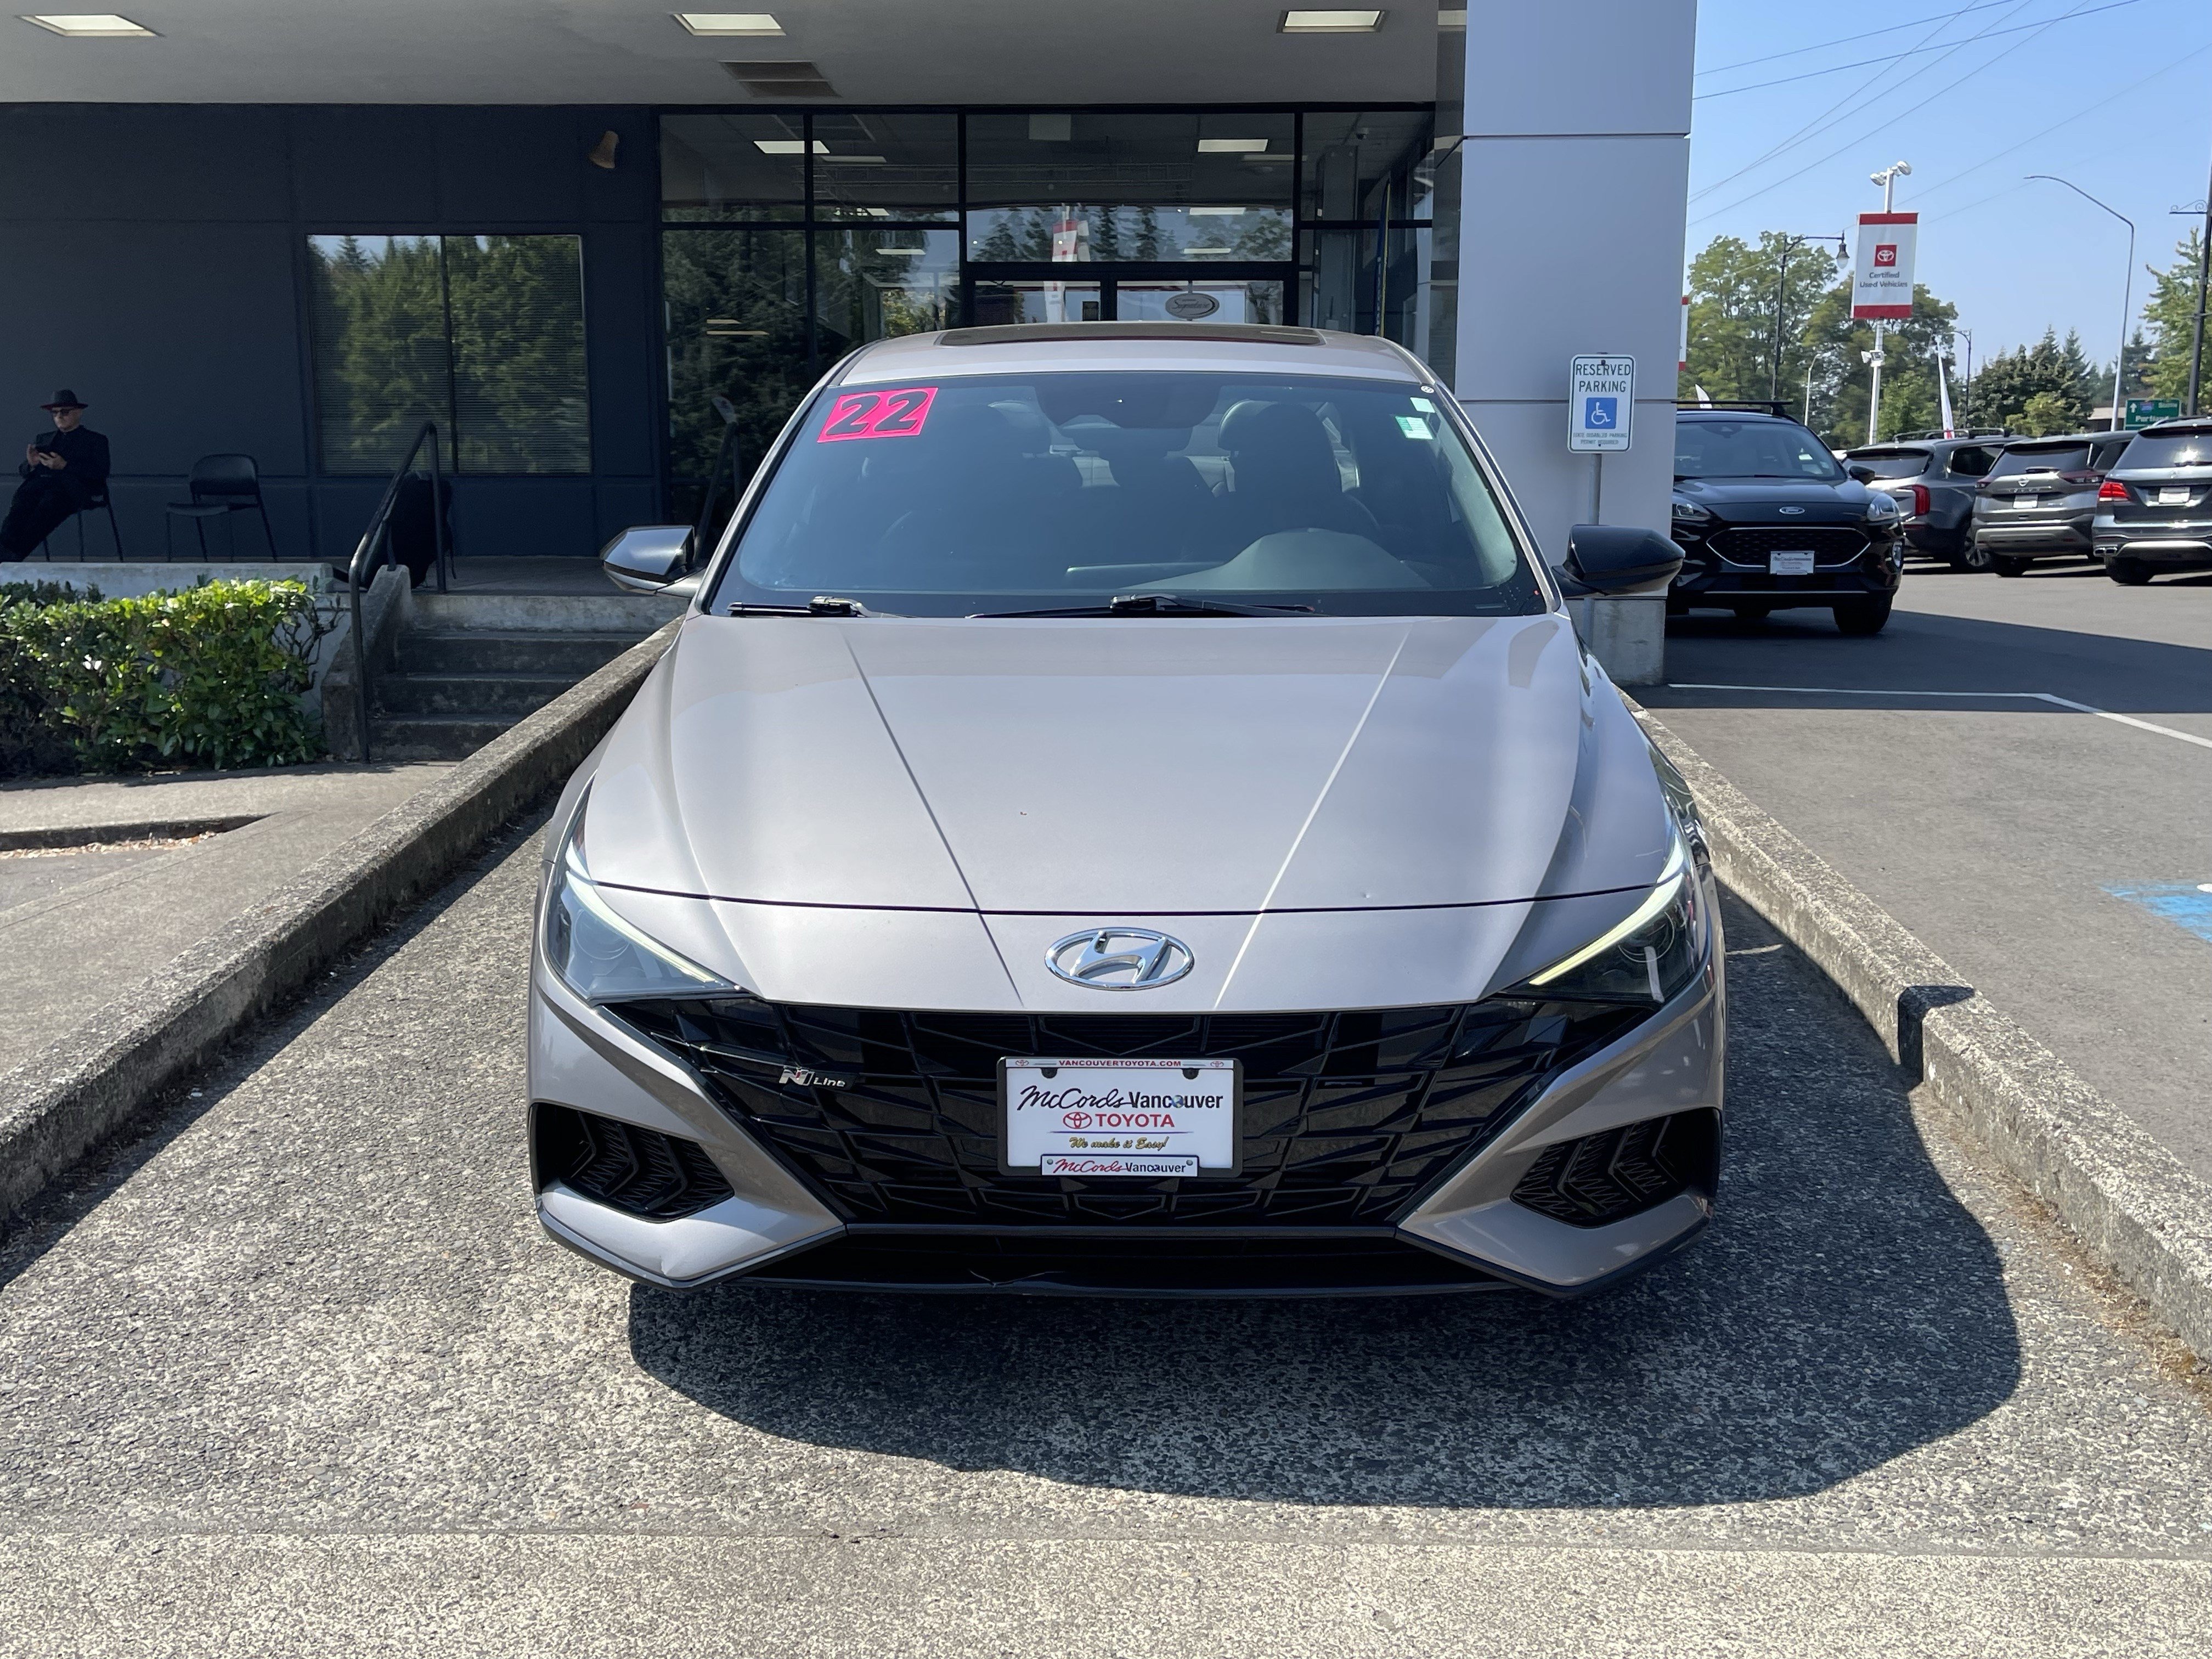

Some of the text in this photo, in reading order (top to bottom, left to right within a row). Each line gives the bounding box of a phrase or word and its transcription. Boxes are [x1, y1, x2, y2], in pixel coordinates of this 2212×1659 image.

[1576, 364, 1630, 375] RESERVED
[1579, 381, 1626, 392] PARKING
[825, 390, 928, 435] 22
[813, 1077, 845, 1087] Line
[1017, 1085, 1223, 1110] McCords Vancouver
[1095, 1114, 1175, 1127] TOYOTA
[1069, 1136, 1170, 1151] We make it Easy!
[1053, 1159, 1187, 1173] McCords Vancouver

++++++++

■ **WORK ITEM**:
Without the pictures, return the records above exactly as written.

■ **EXERCISE ANSWER**:
Some of the text in this photo, in reading order (top to bottom, left to right within a row). Each line gives the bounding box of a phrase or word and its transcription. Boxes are [x1, y1, x2, y2], in pixel coordinates of this 2212×1659 image.

[1576, 364, 1630, 375] RESERVED
[1579, 381, 1626, 392] PARKING
[825, 390, 928, 435] 22
[813, 1077, 845, 1087] Line
[1017, 1085, 1223, 1110] McCords Vancouver
[1095, 1114, 1175, 1127] TOYOTA
[1069, 1136, 1170, 1151] We make it Easy!
[1053, 1159, 1187, 1173] McCords Vancouver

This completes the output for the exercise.